DG: You fly a DJI Phantom. How did you choose that copter? Why do you like it, and/or is there something you would change about it?
DH: By far and away, most features and technology for the money. In terms of improving, make the firmware for Mac users! I would imagine a large percentage of DJI’s customers are Mac users. It’s annoying to have to use a parallel to update the firmware. As far as the Phantom itself, payload and battery life are the valuable commodities. Both are completely usable as is, but hey, if it’s a wish list….
DG: What are your thoughts on integrating UAVs into the national airspace system?
DH: It’s not often technology puts government in a position where there is truly a policy vacuum. Without getting too deeply into the merits of the FAA’s Roadmap, I’ll make a few points.
The FAA currently defines “small UAV’s” as 55 lbs or less and recognizes that 95% of all UAV’s will fit into this category.
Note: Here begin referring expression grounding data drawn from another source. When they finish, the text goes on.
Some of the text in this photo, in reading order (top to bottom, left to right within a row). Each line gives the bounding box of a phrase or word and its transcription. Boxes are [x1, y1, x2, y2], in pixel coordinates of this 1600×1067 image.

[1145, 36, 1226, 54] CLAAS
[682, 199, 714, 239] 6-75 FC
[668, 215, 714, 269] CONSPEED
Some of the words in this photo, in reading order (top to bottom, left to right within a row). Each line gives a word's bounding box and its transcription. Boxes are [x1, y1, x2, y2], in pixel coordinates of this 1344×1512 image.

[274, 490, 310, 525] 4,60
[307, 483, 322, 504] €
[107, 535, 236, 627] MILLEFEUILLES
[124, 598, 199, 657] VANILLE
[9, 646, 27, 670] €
For this system to not place an unfair burden on operators of smaller UAV’s, like the Phantom, this category MUST be sub-divided to reflect risk, range, type of operation, and capabilities of the UAV.
There needs to be a separate category for operators who don’t exceed 500ft and don’t operate outside of line-of-sight and furthermore, over-the-horizon. Realizing this would affect some FPV operators, maybe specify a range if outside of LOS.
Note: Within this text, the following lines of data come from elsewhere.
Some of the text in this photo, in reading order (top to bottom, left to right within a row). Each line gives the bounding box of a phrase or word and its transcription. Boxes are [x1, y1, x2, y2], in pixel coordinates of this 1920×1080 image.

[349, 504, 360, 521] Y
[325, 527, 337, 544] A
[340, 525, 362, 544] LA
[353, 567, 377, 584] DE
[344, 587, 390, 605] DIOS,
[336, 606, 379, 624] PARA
While I’m not opposed to the idea of the test sites, the wrong thing is being tested. As with anything in life, a device is only as safe as the person operating it. There should be a practical demonstration test for operators, baseline operating specifications, and practical test standards, similar to with airmen certification process. The practice of flying ANYTHING over people’s heads is a serious business. While I don’t want to see operators have an unobtainable or cost prohibitive barrier to entry, I think there must be some serious-minded commitment to safety. Flying a drone can be incredibly enjoyable. I want to see people be able to enjoy flying drones on both a private and commercial level, I just want to see both done responsibly. Translating that into a policies will be a challenge.
DG: What’s in your future?
DH: I plan to continue to operate the Phantom’s, and eventually, larger platforms for both personal and transitioning to commercial basis as regulations become further defined. This is a very exciting time to be involved with drones and UAV’s. . From a commercial basis, UAV’s have shown tremendous demand from the residential and commercial real estate markets, from golf courses and resorts, sporting events and special events, agriculture, and I’m sure other things we haven’t even thought of yet.